Sources of Job Creation in Developed and Developing countries
Source: Ghani et al
It is known that, after some income levels, services (tourism, health, education, and leisure-related activities) tend to rise as a proportion of households’ consumption baskets. Furthermore, on the production side, in the wake of the wave of restructuring, downsizing and all that corporate jazz of the eighties, sources of enhancing competitiveness have been found in divesting and contracting-out the provision of business, logistic and professional services once internalized by industrial firms. However, the deep transformation that new technologies of information and telecommunications have been bringing to a substantial range of services is yet to be widely realized.
As Ghani et al. note, until recently “services were considered as menial, low-skilled, and low-innovation”, whereas now “the number of services that can be transported digitally is constantly expanding.” Modern services constitute sophisticated key components of value chains in agriculture and industry. They can also themselves be unbundled and broken down into value chains just like physical goods. In this context, the authors show that productivity – value-added per employee – growth in services has substantially outpaced that in industry, again in both developed and developing countries.
Trade in services has accompanied the rising tide of global trade, going beyond commercial presence and the cross-border movement of service providers and consumers. Remarkable has been the growing cross-border trade, with the delivery of some services from the territory of one country into the territory of other country, something increasingly made possible by rapid global developments in technology, scalability, transportability, and tradability – as we have already approached here.
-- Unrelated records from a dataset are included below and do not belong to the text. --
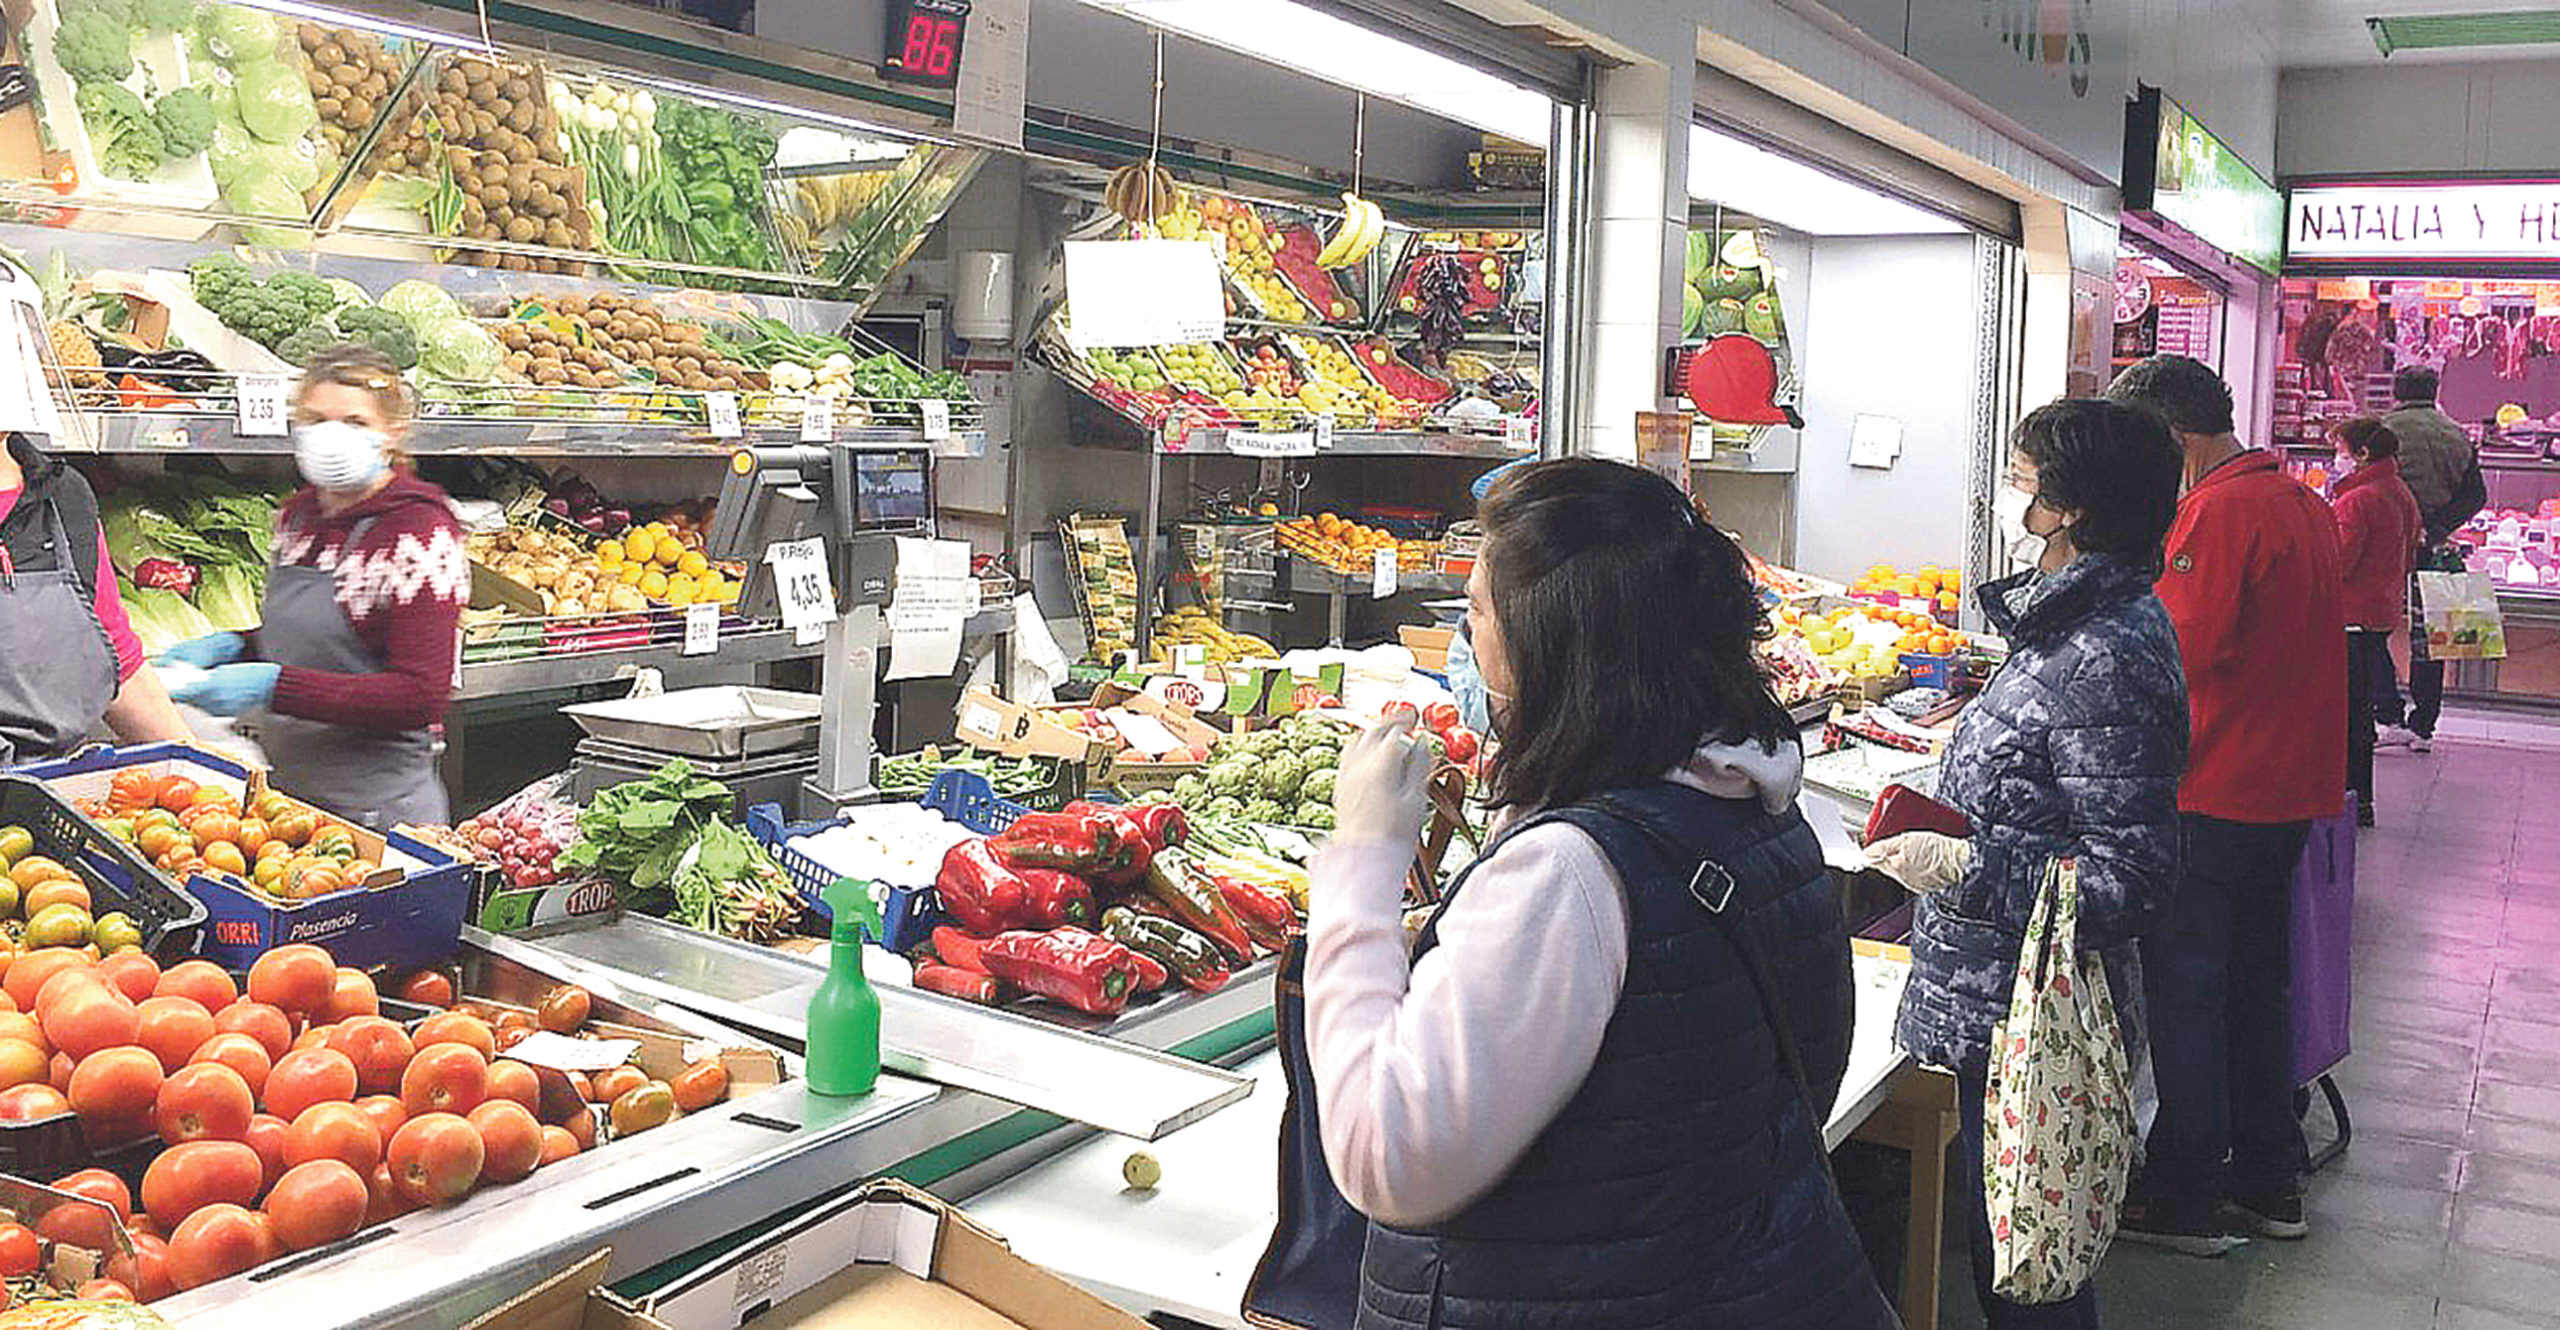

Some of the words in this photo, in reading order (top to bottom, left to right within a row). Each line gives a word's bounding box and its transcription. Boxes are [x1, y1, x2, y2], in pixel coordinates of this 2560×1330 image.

[903, 16, 958, 76] 86
[2300, 203, 2443, 242] NATALIA
[2473, 203, 2486, 240] Y
[789, 573, 823, 611] 4,35
[570, 883, 613, 913] TROP
Like Goswami et al., Ghani et al. make the case about services as a possible new channel for export-led growth by developing countries. Let me here stress the relevance of services modernization even for developing countries that may not envisage becoming services-export platforms. If services are getting bigger as a share of GDPs and jobs, productivity increases in the former are fundamental for income growth and development. Furthermore, without those increases, the competitiveness of non-service activities in agriculture and industry in a country will suffer from rising wage costs and lower-quality inputs. It’s therefore paradoxical that some countries have resorted to protection or incentives in favor of manufacturing, while not realizing that such efforts tend to be self-defeating if the domestic supply of services remains closed to provision from abroad or, in the case of non-tradable ones, non-competitive in its local production.
“Globalization of services is still in its infancy”, say Ghani et al. Let infant, modern, and revolutionary services alike spill forth their economic rejuvenating potential.